The following conclusions have been drawn on the basis of
the study:
i) The internationally recognised HDM-4 pavement
deterioration models need to be calibrated for LVR
in local conditions of India, as large variations are
found between the suggested calibration factors for
initiation and progression of various pavement
deterioration models in this study and the corresponding default HDM-4 calibration factors as unity.
ii) The ‘window’ monitoring techniques as explained in
this study will be useful for calibration of HDM-4
pavement distress models in the absence of
availability of any long-term historical pavement
performance data and an immediate need for
development of pavement deterioration models.

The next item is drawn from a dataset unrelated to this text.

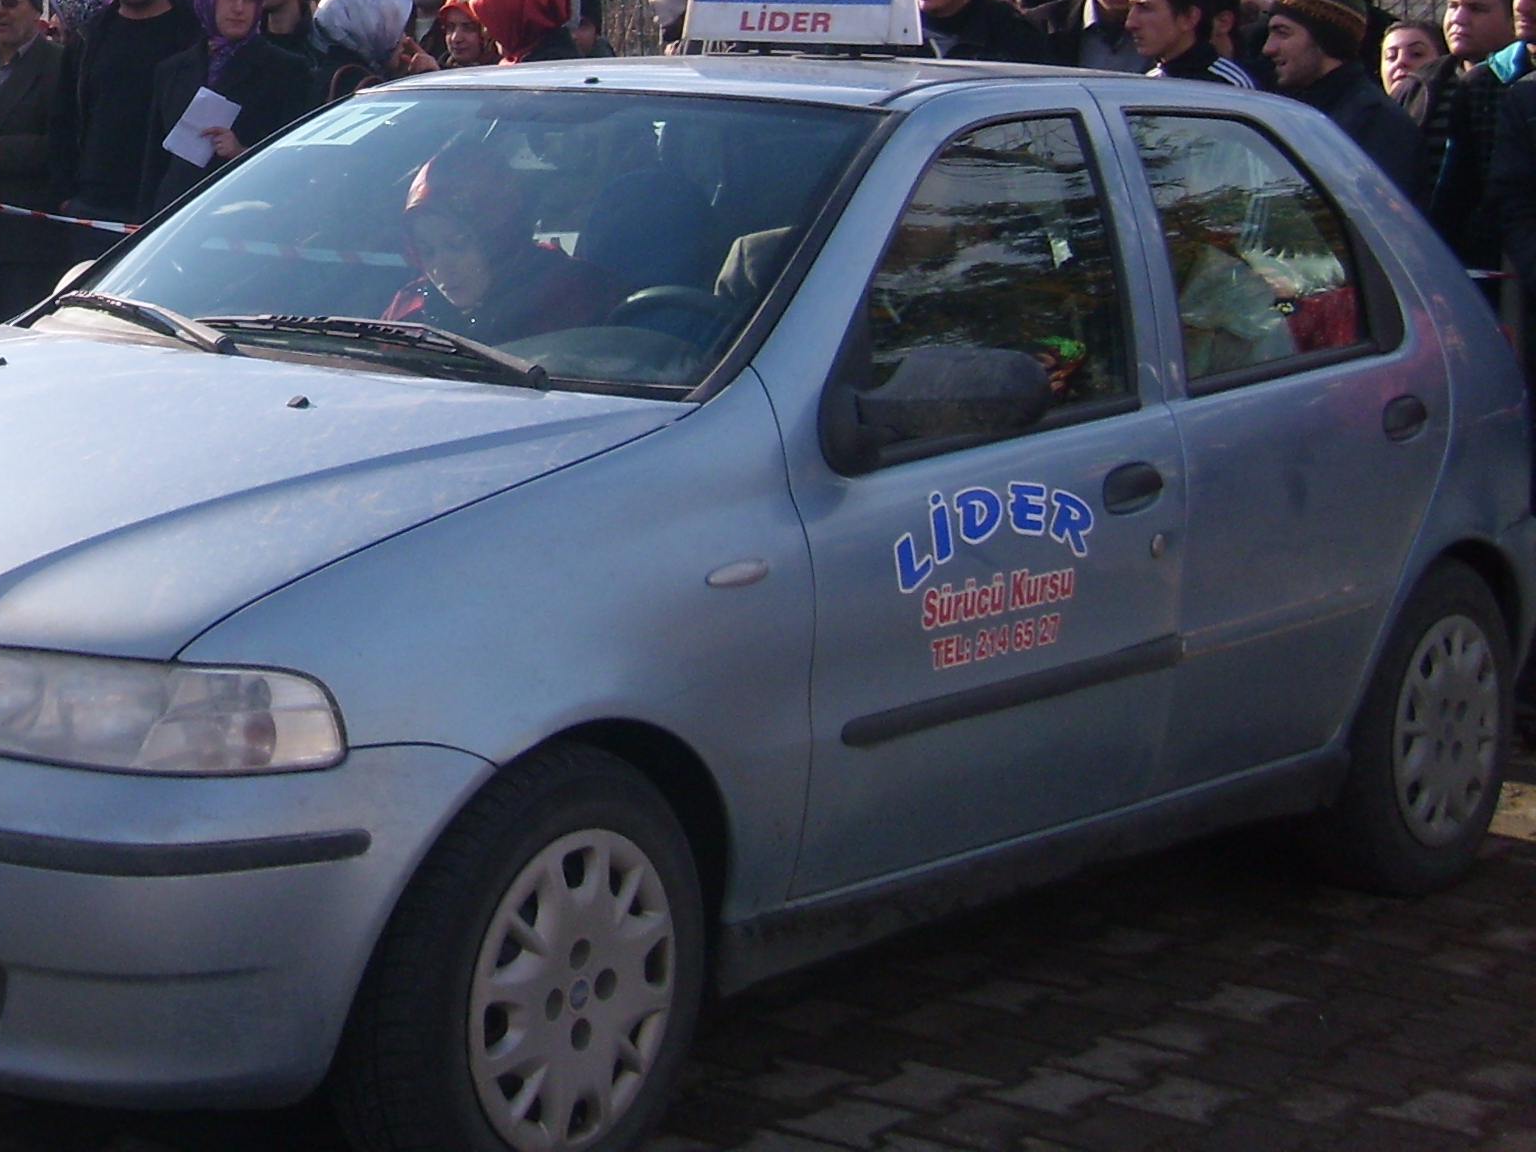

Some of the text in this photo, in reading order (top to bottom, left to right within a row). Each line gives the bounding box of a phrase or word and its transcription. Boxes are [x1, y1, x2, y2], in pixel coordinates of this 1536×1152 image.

iii) The validity of suggested models has been checked
to test their efficacy by comparing the distress
predictions made by the calibrated deterioration
models with those actually observed on the selected
pavement sections in plain, rolling and mountainous
terrains.
iv) The calibrated HDM-4 pavement deterioration
models in this study can be used for the prediction
of distresses and developing optimal maintenance

management strategies for LVR in different terrains
of India.
v) The results of the proposed performance model
calibration recommendations will also be useful in
other parts of India and in South-Asian countries
nearby having similar geographical and environmental conditions.